From the International Clinical Librarian Conference, I bring you news of the session entitled Quality Assurance for Clinical Librarians, Informationists and Embedded Librarians.
Ohio State reported on the challenges of going on rounds in general medicine. It is common to face push back or even just ignorance of who or why the librarian is there but they are making headway by encouraging questions and acting like they belong.
In Canada, at McGill University they are evaluating the Canadian participation in a large international study which looked at the imapct of library and information services on patient care outcomes. In short, it was agreed upon that due to information services their were improvements in patient misunderstanding, adverse drug reactions, extra tests, medical errors and mortality.

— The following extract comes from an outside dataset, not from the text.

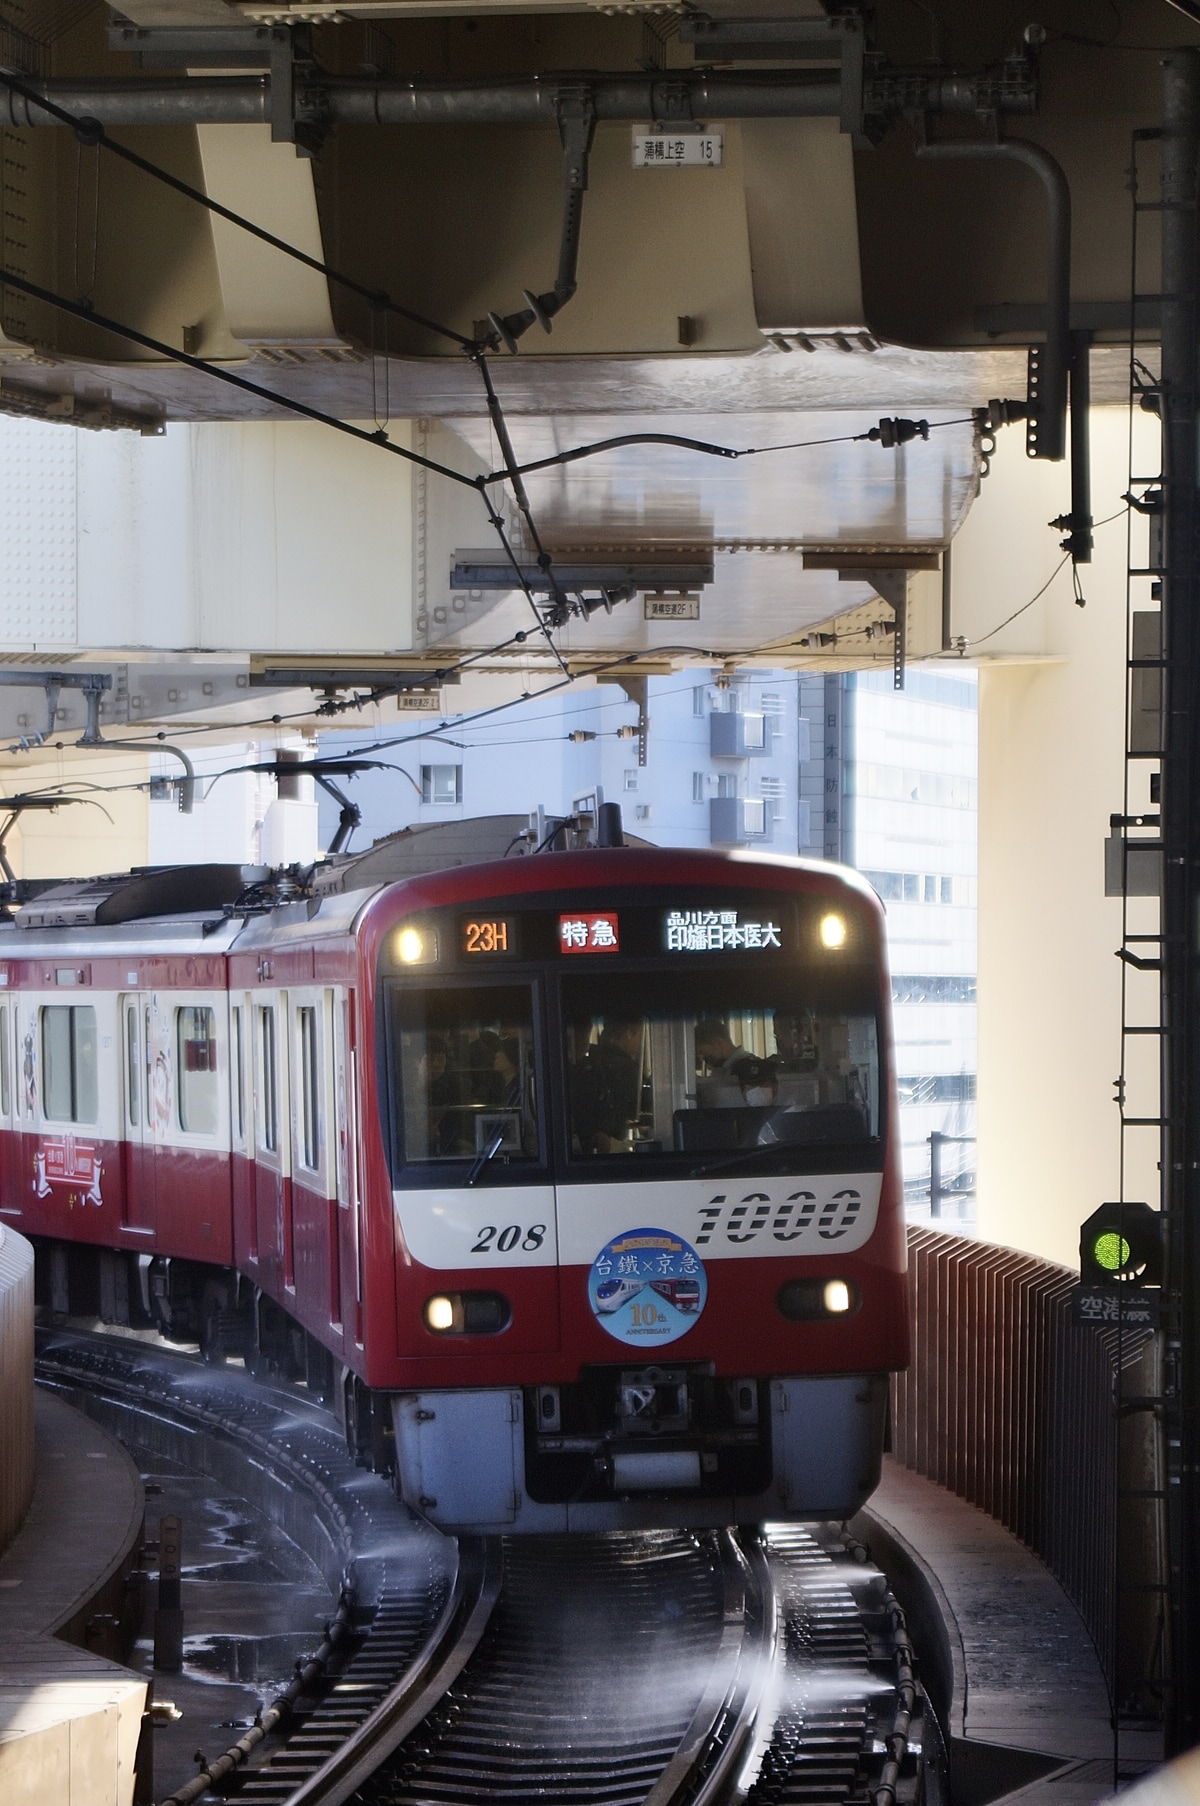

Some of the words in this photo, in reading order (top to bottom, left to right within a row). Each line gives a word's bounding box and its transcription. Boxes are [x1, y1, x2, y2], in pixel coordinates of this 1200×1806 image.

In the UK, one hospital looked at converting care to currency. Specifically they surveyed clinicians on thier imporovements to care using UpToDate specifically when looking at diagnosis or treatment. They looked at the amount of time saved, changes in referrals, tests avoided or change in length of stay in the hospital.
At Johns Hopkins, librarians measuring their value via a survey. The conclusions led to an improved website and off campus access, more statistical information sources, improved communication via the website and social media and resource highlights on the home page.
Finally at Vanderbilt, the libary was asked to be part of the Clinical Practice Committee. Using www.choosingwisely.org they librarians chose specific topics to research extensively with the result being the standardization of EBP institution-wide. Or at least the beginning of that path.
I’m going to close with a quote from one of the speakers at this session,
“be the expert, be the advocate and don’t apologize for it” (Rachel Walden). She’s right, we are the experts, the advocates, we are there to do what we do best…so let’s do it.